Questions about equity vesting and associated purchasing and tax scenarios.

I was hoping some of you more experienced folks could give me the rundown on how some of the below hypothetical scenarios might potentially work.

Scenario 1 – I exercise/purchase my stock options (that have vested thus far) at the strike price, and then 12 months and a day later, the company I work for gets acquired by a much larger company. If I sell those shares after acquisition (more than a full year since purchasing them), do I pay long term capital gains taxes on that sale? The other scenario would be where I hold the shares for less than a year – say 6 months – and then we get acquired and I sell… would I then have to pay short term capital gains rates on that sale?

Scenario 2 – We get acquired by a much larger company before the entirety of my shares have vested and before I have exercised/purchased any of those shares. Am I paid for any of those shares or am I SOL? Do I get paid for the ones that vested even though I never purchased them? Do I get paid for the ones that haven't vested yet, but I am contractually entitled to, if I stay at the company for X amount of time?
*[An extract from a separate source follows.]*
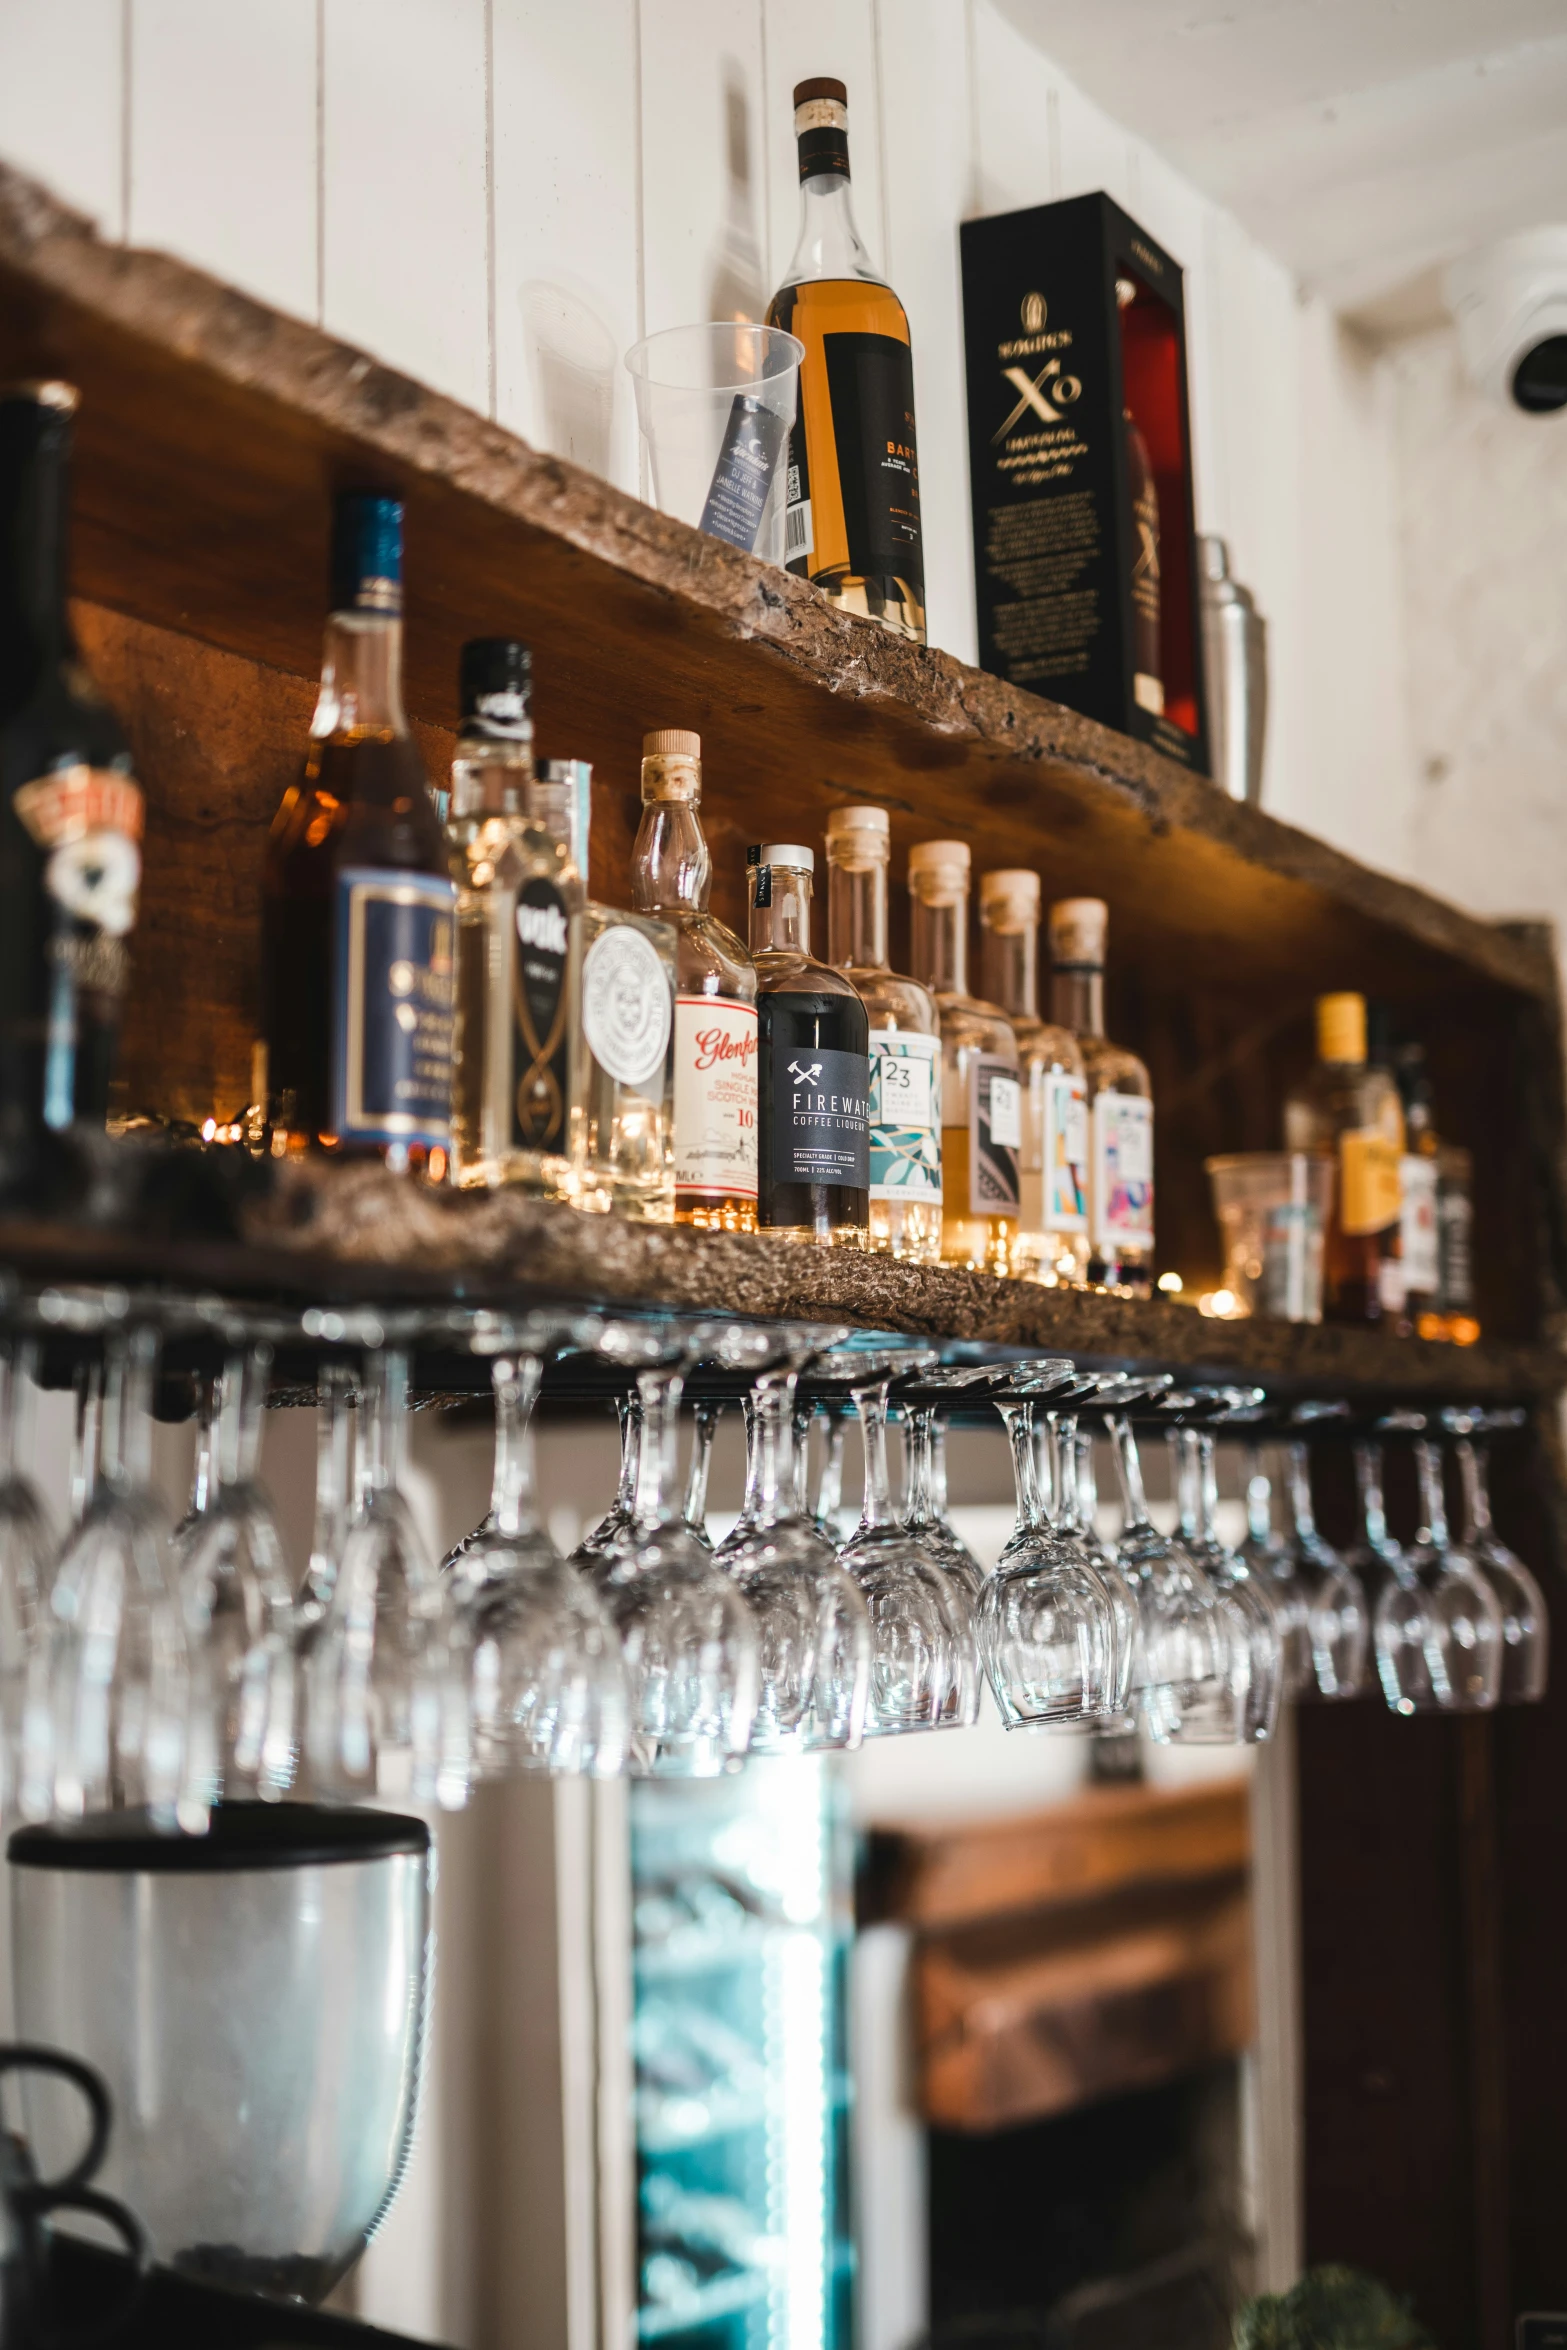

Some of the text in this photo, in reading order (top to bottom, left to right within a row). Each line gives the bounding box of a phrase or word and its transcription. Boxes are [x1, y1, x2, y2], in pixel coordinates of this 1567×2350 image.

I have a friend telling me that they believe I am entitled to compensation for those shares even if they are not fully vested and if I haven't purchased them, but that makes absolutely no sense to me.

Thanks to anyone who can help in figuring this out! I am also just looking to learn any other details around equity that you think would be helpful for me to understand – especially when it comes to acquisitions and what advice you may have in when to exercise options, etc.